Wiping his palms of the sweat on his jumper, he shook out his wrists in an attempt to calm his nerves. He had only seven of these lock-picks, so he couldn’t afford to rush things. His mission would be compromised before it had even started if he couldn’t even get in to the restricted library area.
Concentrating hard, he pulled out a pick and slotted it once more into the lock. Another chinking sound and Nathaniel withdrew a second, broken lock-pick. In his cautiousness not to repeat the first error he’d made, he’d pressed the latch in too slow this time and the tumbler had already fallen back into place. He cursed again, this time louder, and the sound echoed discordantly in the darkness.
Below him, the candle flickered, threatening to snuff out. He took out another lock-pick.
A moment later and Nathaniel growled as he stuffed the two halves of a third snapped pick into his pocket. He was beginning to panic, beads of sweat forming beneath his brow and anxiety gripping his guts tightly. He broke a fourth, and then a fifth, and finally a sixth. Frustrated and fearful at the same time, Nathaniel could feel nervousness and panic beginning to cloud his harrowed mind.
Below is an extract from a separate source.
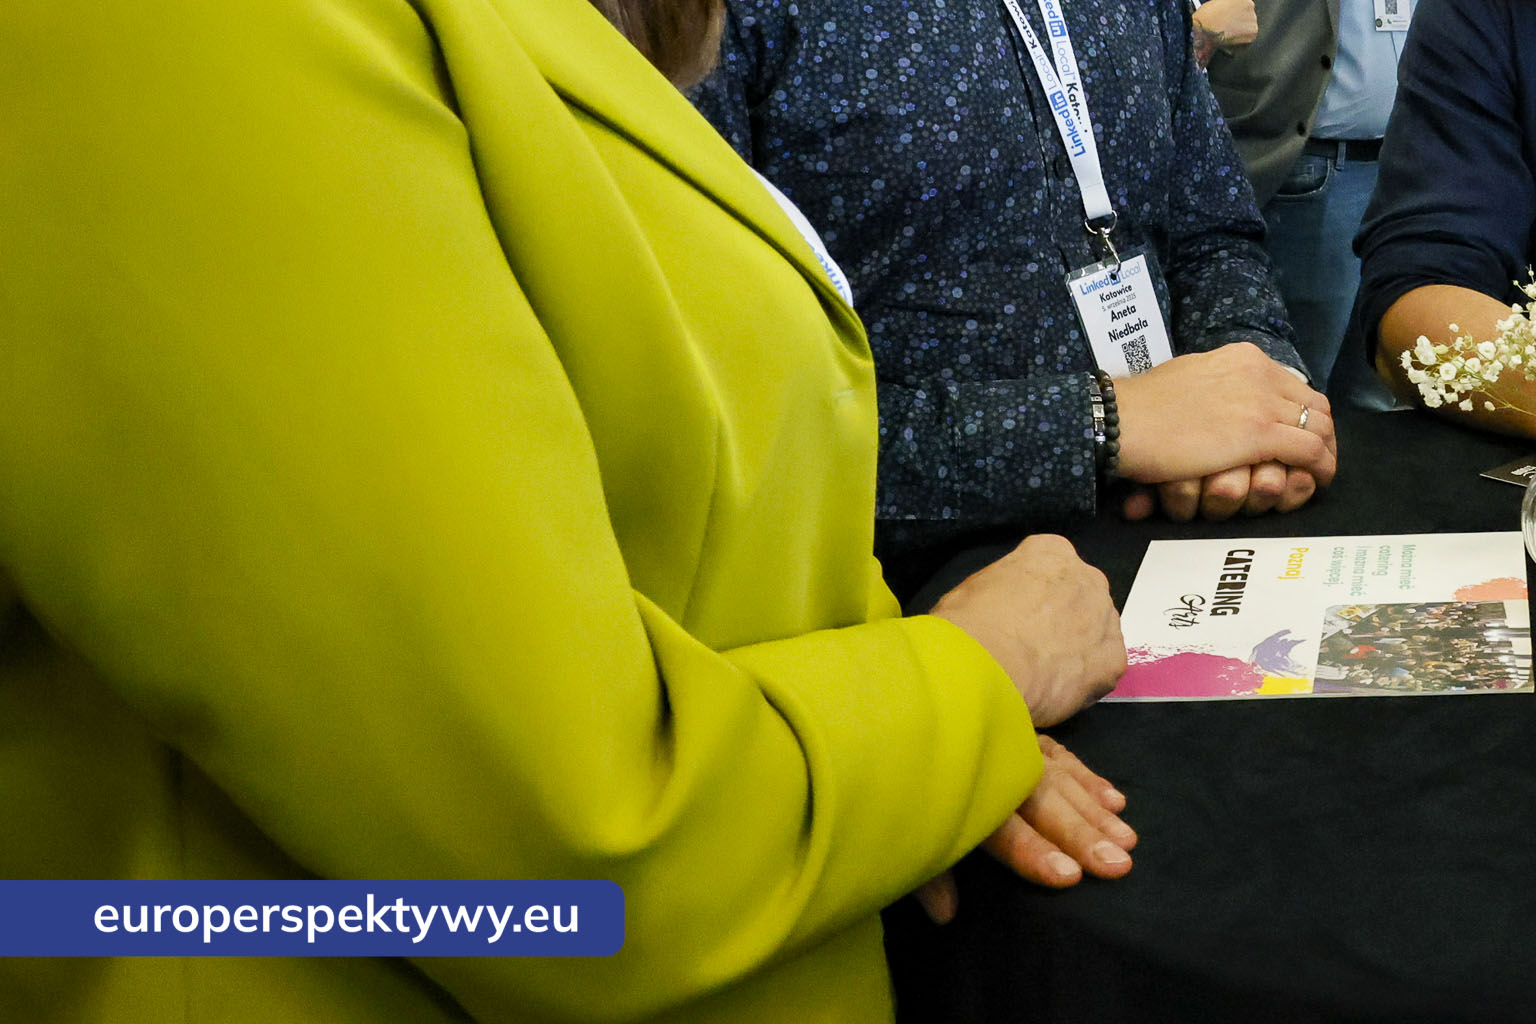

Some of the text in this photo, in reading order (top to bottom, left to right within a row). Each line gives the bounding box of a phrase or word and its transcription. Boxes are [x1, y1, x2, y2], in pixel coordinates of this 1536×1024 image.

He tried to block them out, for he knew that the more agitated he got, the less he would concentrate and the more chance there was of making a mistake. Sweat now flowed freely from his forehead, following the edge of his sideburn and trickling down the side of his head. He wiped it off with his sleeve in annoyance.
Come on Nathaniel. You can do this.He said to himself quietly, gritting his teeth in determination and balling his fists. He procured the seventh and final lockpick from his pocket, stared at it hard as if willing it to be unbreakable, and then inserted it into the rust-rimmed keyhole.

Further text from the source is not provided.